#### [About this task]
Would you set down the complete data below, exactly as shown?

Source data:
_____

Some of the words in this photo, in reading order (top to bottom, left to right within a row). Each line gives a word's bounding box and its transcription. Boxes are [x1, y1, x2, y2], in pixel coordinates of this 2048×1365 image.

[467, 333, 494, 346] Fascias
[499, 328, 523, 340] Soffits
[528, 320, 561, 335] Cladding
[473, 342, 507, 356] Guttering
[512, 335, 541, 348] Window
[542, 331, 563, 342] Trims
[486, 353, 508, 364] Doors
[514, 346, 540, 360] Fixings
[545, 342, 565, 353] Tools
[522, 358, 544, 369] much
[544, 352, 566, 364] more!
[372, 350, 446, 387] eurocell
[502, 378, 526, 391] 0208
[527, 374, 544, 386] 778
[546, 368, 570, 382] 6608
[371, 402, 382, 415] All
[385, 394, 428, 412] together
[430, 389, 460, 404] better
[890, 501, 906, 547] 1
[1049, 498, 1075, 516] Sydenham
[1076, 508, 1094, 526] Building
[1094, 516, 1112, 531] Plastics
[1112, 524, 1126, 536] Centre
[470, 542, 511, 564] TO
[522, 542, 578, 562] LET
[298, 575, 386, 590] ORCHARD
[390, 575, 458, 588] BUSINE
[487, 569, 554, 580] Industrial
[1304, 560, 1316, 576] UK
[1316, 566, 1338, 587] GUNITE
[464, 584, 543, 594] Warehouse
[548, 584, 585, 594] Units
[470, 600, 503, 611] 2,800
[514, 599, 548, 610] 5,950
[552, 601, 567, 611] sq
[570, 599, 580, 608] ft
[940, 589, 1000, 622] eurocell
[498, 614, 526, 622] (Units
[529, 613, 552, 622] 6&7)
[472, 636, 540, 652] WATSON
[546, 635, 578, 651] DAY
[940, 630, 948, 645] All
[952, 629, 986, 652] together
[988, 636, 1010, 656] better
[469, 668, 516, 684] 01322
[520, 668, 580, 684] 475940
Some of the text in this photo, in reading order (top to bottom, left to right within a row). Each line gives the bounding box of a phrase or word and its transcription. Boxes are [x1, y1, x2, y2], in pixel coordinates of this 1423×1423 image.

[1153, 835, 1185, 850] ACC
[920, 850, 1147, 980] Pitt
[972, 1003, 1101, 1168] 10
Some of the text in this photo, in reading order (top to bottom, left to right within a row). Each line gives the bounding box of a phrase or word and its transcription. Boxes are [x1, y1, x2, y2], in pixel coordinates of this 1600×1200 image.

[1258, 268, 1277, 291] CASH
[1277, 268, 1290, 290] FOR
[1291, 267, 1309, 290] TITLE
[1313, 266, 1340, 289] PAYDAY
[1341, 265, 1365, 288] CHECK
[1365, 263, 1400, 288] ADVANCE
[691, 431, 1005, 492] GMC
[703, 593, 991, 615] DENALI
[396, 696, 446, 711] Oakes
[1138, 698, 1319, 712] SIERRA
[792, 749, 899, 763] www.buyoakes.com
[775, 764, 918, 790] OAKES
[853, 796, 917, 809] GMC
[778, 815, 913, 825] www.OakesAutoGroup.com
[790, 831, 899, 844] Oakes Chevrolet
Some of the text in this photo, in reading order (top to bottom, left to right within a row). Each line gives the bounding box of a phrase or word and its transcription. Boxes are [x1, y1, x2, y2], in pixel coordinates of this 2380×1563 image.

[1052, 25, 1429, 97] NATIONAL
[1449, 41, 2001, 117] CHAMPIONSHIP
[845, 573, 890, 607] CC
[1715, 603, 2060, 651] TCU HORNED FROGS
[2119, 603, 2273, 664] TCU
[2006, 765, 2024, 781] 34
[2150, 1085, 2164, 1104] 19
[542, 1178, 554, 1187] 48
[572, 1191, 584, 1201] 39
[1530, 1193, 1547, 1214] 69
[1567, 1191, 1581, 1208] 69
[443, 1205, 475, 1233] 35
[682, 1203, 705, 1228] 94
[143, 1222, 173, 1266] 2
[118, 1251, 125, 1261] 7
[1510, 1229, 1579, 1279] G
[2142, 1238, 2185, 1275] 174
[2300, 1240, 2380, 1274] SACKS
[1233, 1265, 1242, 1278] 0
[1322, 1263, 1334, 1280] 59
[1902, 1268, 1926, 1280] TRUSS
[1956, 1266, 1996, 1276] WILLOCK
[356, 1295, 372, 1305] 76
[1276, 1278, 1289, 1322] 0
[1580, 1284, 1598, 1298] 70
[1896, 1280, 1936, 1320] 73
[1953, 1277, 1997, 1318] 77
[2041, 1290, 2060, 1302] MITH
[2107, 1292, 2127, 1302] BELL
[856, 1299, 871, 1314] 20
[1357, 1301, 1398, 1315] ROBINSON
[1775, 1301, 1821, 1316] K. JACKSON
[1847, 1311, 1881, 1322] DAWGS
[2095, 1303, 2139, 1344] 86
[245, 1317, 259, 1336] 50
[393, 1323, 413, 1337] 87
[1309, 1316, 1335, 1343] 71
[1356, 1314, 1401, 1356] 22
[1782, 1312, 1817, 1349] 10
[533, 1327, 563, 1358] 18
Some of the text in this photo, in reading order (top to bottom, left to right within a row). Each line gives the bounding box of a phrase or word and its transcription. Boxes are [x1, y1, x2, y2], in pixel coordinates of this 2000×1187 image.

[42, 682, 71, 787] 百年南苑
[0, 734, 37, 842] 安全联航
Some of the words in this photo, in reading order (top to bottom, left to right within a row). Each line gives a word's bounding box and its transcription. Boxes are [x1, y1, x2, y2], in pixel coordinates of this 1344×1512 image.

_____

#### [Final answer]
Some of the words in this photo, in reading order (top to bottom, left to right within a row). Each line gives a word's bounding box and its transcription. Boxes are [x1, y1, x2, y2], in pixel coordinates of this 2048×1365 image.

[467, 333, 494, 346] Fascias
[499, 328, 523, 340] Soffits
[528, 320, 561, 335] Cladding
[473, 342, 507, 356] Guttering
[512, 335, 541, 348] Window
[542, 331, 563, 342] Trims
[486, 353, 508, 364] Doors
[514, 346, 540, 360] Fixings
[545, 342, 565, 353] Tools
[522, 358, 544, 369] much
[544, 352, 566, 364] more!
[372, 350, 446, 387] eurocell
[502, 378, 526, 391] 0208
[527, 374, 544, 386] 778
[546, 368, 570, 382] 6608
[371, 402, 382, 415] All
[385, 394, 428, 412] together
[430, 389, 460, 404] better
[890, 501, 906, 547] 1
[1049, 498, 1075, 516] Sydenham
[1076, 508, 1094, 526] Building
[1094, 516, 1112, 531] Plastics
[1112, 524, 1126, 536] Centre
[470, 542, 511, 564] TO
[522, 542, 578, 562] LET
[298, 575, 386, 590] ORCHARD
[390, 575, 458, 588] BUSINE
[487, 569, 554, 580] Industrial
[1304, 560, 1316, 576] UK
[1316, 566, 1338, 587] GUNITE
[464, 584, 543, 594] Warehouse
[548, 584, 585, 594] Units
[470, 600, 503, 611] 2,800
[514, 599, 548, 610] 5,950
[552, 601, 567, 611] sq
[570, 599, 580, 608] ft
[940, 589, 1000, 622] eurocell
[498, 614, 526, 622] (Units
[529, 613, 552, 622] 6&7)
[472, 636, 540, 652] WATSON
[546, 635, 578, 651] DAY
[940, 630, 948, 645] All
[952, 629, 986, 652] together
[988, 636, 1010, 656] better
[469, 668, 516, 684] 01322
[520, 668, 580, 684] 475940
Some of the text in this photo, in reading order (top to bottom, left to right within a row). Each line gives the bounding box of a phrase or word and its transcription. Boxes are [x1, y1, x2, y2], in pixel coordinates of this 1423×1423 image.

[1153, 835, 1185, 850] ACC
[920, 850, 1147, 980] Pitt
[972, 1003, 1101, 1168] 10
Some of the text in this photo, in reading order (top to bottom, left to right within a row). Each line gives the bounding box of a phrase or word and its transcription. Boxes are [x1, y1, x2, y2], in pixel coordinates of this 1600×1200 image.

[1258, 268, 1277, 291] CASH
[1277, 268, 1290, 290] FOR
[1291, 267, 1309, 290] TITLE
[1313, 266, 1340, 289] PAYDAY
[1341, 265, 1365, 288] CHECK
[1365, 263, 1400, 288] ADVANCE
[691, 431, 1005, 492] GMC
[703, 593, 991, 615] DENALI
[396, 696, 446, 711] Oakes
[1138, 698, 1319, 712] SIERRA
[792, 749, 899, 763] www.buyoakes.com
[775, 764, 918, 790] OAKES
[853, 796, 917, 809] GMC
[778, 815, 913, 825] www.OakesAutoGroup.com
[790, 831, 899, 844] Oakes Chevrolet
Some of the text in this photo, in reading order (top to bottom, left to right within a row). Each line gives the bounding box of a phrase or word and its transcription. Boxes are [x1, y1, x2, y2], in pixel coordinates of this 2380×1563 image.

[1052, 25, 1429, 97] NATIONAL
[1449, 41, 2001, 117] CHAMPIONSHIP
[845, 573, 890, 607] CC
[1715, 603, 2060, 651] TCU HORNED FROGS
[2119, 603, 2273, 664] TCU
[2006, 765, 2024, 781] 34
[2150, 1085, 2164, 1104] 19
[542, 1178, 554, 1187] 48
[572, 1191, 584, 1201] 39
[1530, 1193, 1547, 1214] 69
[1567, 1191, 1581, 1208] 69
[443, 1205, 475, 1233] 35
[682, 1203, 705, 1228] 94
[143, 1222, 173, 1266] 2
[118, 1251, 125, 1261] 7
[1510, 1229, 1579, 1279] G
[2142, 1238, 2185, 1275] 174
[2300, 1240, 2380, 1274] SACKS
[1233, 1265, 1242, 1278] 0
[1322, 1263, 1334, 1280] 59
[1902, 1268, 1926, 1280] TRUSS
[1956, 1266, 1996, 1276] WILLOCK
[356, 1295, 372, 1305] 76
[1276, 1278, 1289, 1322] 0
[1580, 1284, 1598, 1298] 70
[1896, 1280, 1936, 1320] 73
[1953, 1277, 1997, 1318] 77
[2041, 1290, 2060, 1302] MITH
[2107, 1292, 2127, 1302] BELL
[856, 1299, 871, 1314] 20
[1357, 1301, 1398, 1315] ROBINSON
[1775, 1301, 1821, 1316] K. JACKSON
[1847, 1311, 1881, 1322] DAWGS
[2095, 1303, 2139, 1344] 86
[245, 1317, 259, 1336] 50
[393, 1323, 413, 1337] 87
[1309, 1316, 1335, 1343] 71
[1356, 1314, 1401, 1356] 22
[1782, 1312, 1817, 1349] 10
[533, 1327, 563, 1358] 18
Some of the text in this photo, in reading order (top to bottom, left to right within a row). Each line gives the bounding box of a phrase or word and its transcription. Boxes are [x1, y1, x2, y2], in pixel coordinates of this 2000×1187 image.

[42, 682, 71, 787] 百年南苑
[0, 734, 37, 842] 安全联航
Some of the words in this photo, in reading order (top to bottom, left to right within a row). Each line gives a word's bounding box and its transcription. Boxes are [x1, y1, x2, y2], in pixel coordinates of this 1344×1512 image.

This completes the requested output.